Happy 13th Birthday Linux!
carlmenezes writes "On August 25, 2001 we celebrated the 10th birthday of Linux. Today, it's year 13. Lucky for Linux, maybe?" Congrats to everyone who managed to get their name in the credits! You must be very proud parents.
Woooow buddy. Here in India, we consider it a bad practise and disrespectful to insult someone on their birthday :)
So you a VB programmer, huh? To quote ESR,
:)
Visual Basic is especially awful. Like other Basics it's a poorly-designed language that will teach you bad programming habits. No, don't ask me to describe them in detail; that explanation would fill a book. Learn a well-designed language instead.
So the Linux server crashed, huh? That's a pretty lame excuse. I'm a part-time administator for a server running httpd, file-sharing, DNS and squid. And the uptime is 55 days and still running. Come on buddy, see what we got here
Not to mention the fact that the Linux kernel itself lacks any support for any type of journaled filesystem, memory protection, SMP support, etc,
Well well well, what age are you in? What are ext3 and reiferfs? No SMP support? My server is a IBM Xeon Dual processor with hyper-threading. however, from the looks of it, the Microsoft "shared source" program seems to offer all of the same freedoms as the GPL.
You got to be kidding me.
Note to self: Alter the companies for which this anonymous coward does consulting.
Apache is a volunteer based project written by weekend hackers in their spare time while Microsft's IIS has an actual professional full fledged development team devoted to it.
Uh huh.
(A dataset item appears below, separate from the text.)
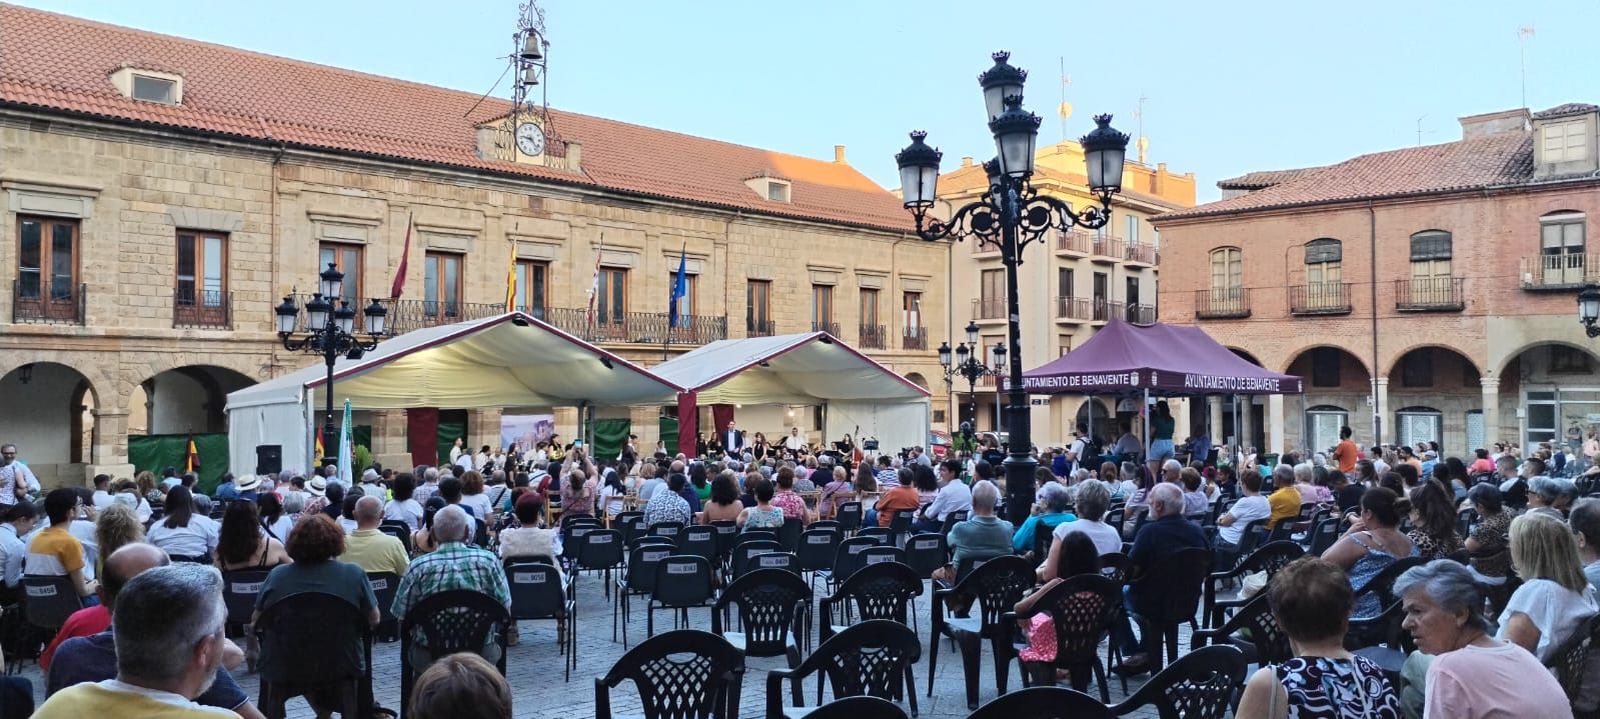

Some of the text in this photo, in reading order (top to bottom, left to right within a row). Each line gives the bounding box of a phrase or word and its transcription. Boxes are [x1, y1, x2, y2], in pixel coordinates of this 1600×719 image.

That's why a majority of the world's web servers run Apache. here These developers are hardly "weekend hackers", but devoted people. Read this
As things stand now, I can understand using Linux in academia to compile simple "Hello World" style programs and learn C programming, but I'm afraid that for anything more than a hobby OS, Windows 98/NT/2K are your only choices.
So that's why Google and Amazon, for example, run Linux? [netcraft.com]
So today is not Linux's 13th birthday. It's actually the 13th anniversary of Linus announcing that he was pregnant. The date of the first public release of the code should be the actual birthday.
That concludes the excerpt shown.